*** TASK DATA ***
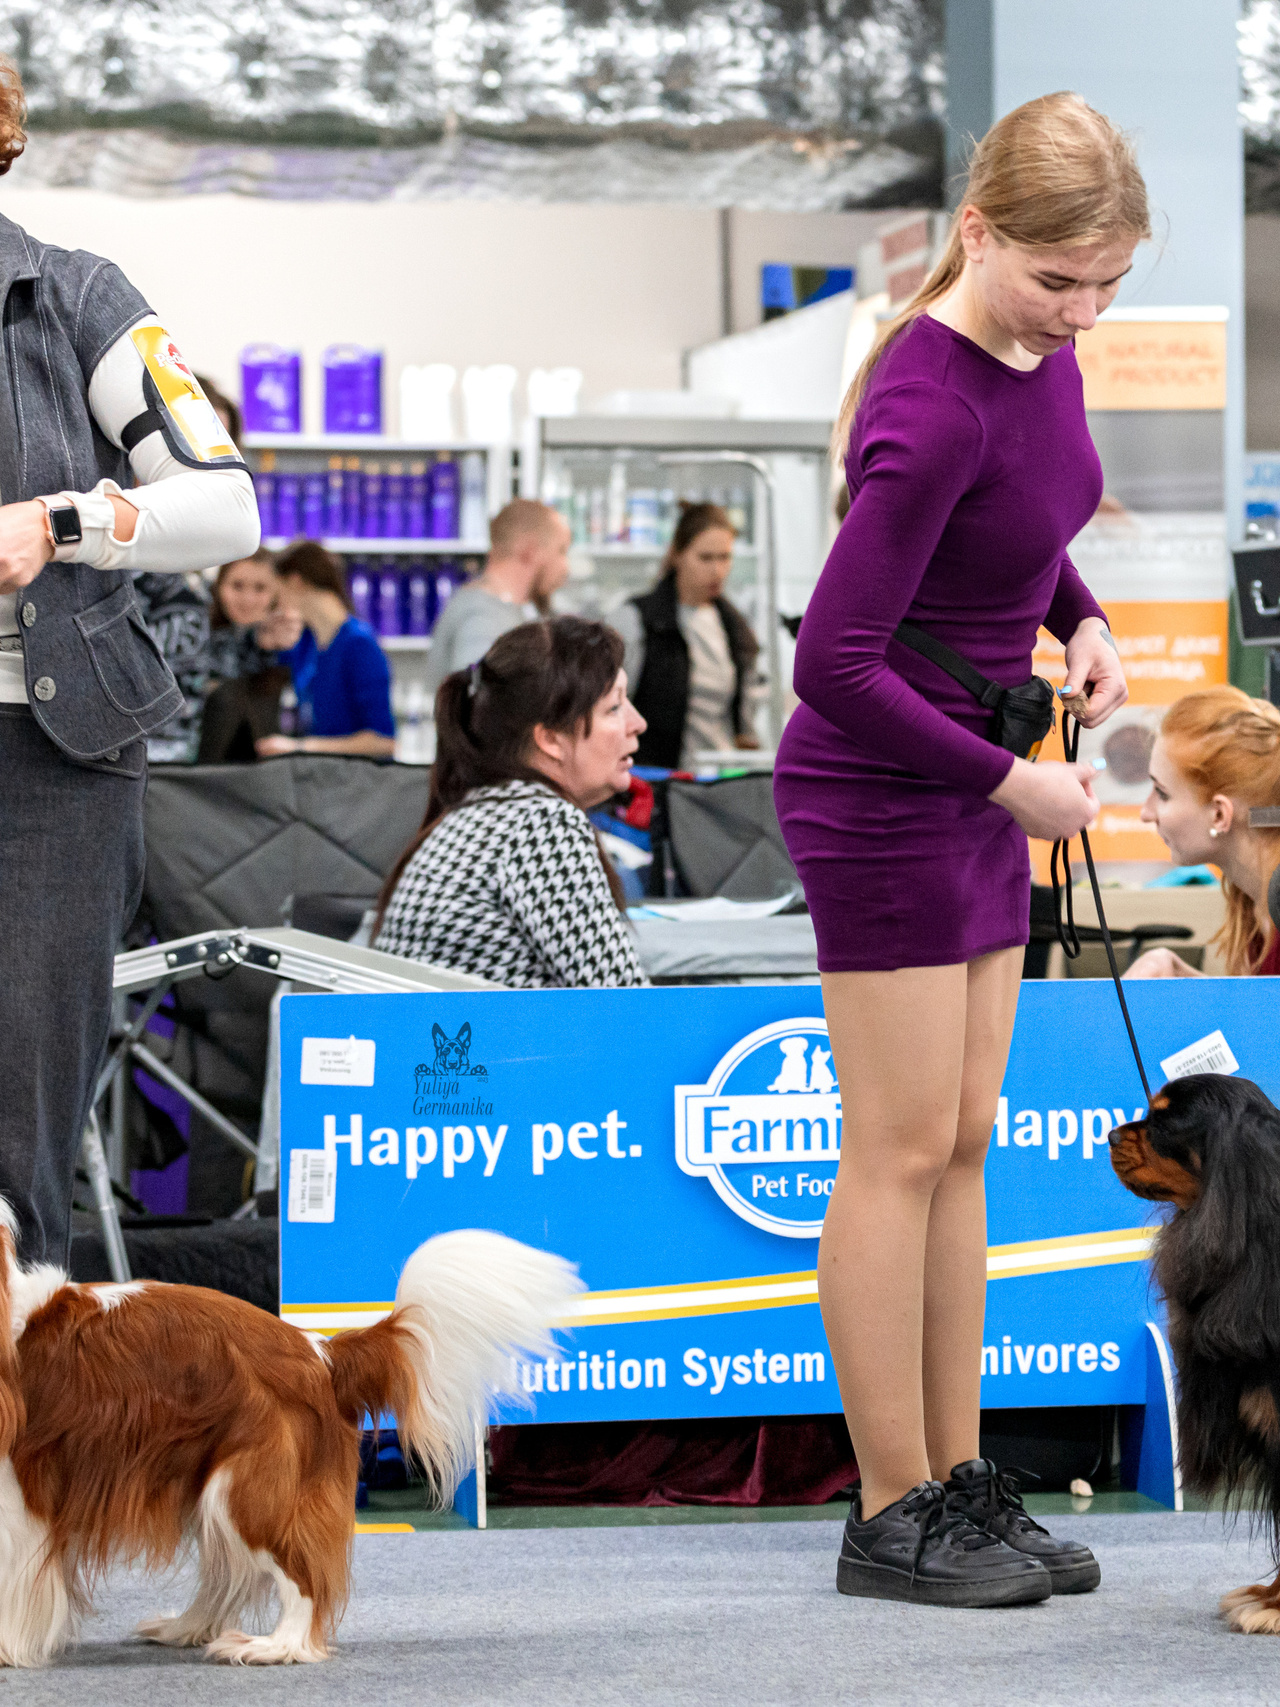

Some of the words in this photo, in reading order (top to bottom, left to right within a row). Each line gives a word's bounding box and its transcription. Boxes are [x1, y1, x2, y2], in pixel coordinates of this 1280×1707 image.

[1109, 365, 1220, 387] PRODUCT
[324, 1114, 509, 1180] Happy
[532, 1109, 643, 1176] pet.
[752, 1174, 789, 1199] Pet
[500, 1350, 667, 1394] utrition
[683, 1347, 826, 1395] System
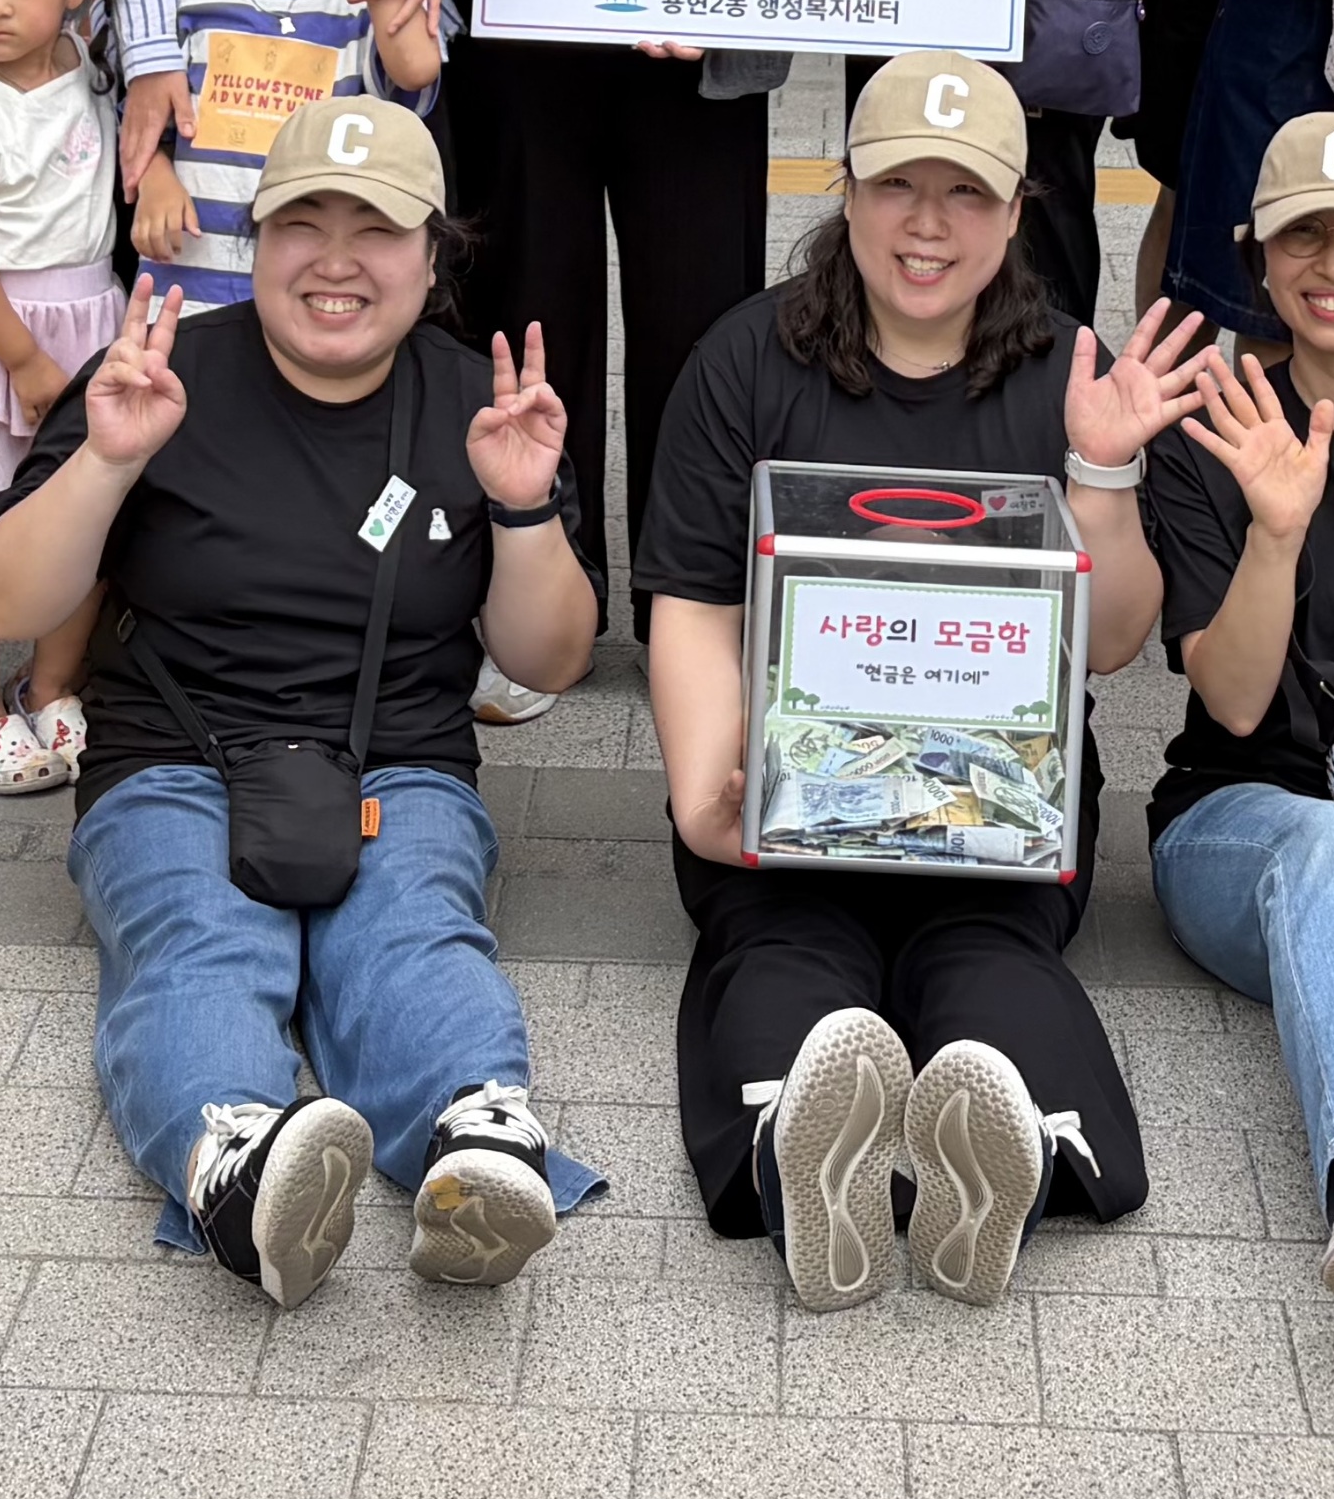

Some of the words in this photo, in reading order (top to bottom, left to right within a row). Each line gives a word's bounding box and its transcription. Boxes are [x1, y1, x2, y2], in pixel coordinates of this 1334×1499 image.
*** End of TASK DATA ***
Your copy should repeat each entry above exactly but contain no pictures.

▶ **EXERCISE ANSWER**
Some of the words in this photo, in reading order (top to bottom, left to right within a row). Each line gives a word's bounding box and its transcription. Boxes are [x1, y1, x2, y2], in pixel coordinates of this 1280×1707 image.

[1109, 365, 1220, 387] PRODUCT
[324, 1114, 509, 1180] Happy
[532, 1109, 643, 1176] pet.
[752, 1174, 789, 1199] Pet
[500, 1350, 667, 1394] utrition
[683, 1347, 826, 1395] System

Some of the words in this photo, in reading order (top to bottom, left to right within a row). Each line gives a word's bounding box and its transcription. Boxes are [x1, y1, x2, y2], in pixel coordinates of this 1334×1499 image.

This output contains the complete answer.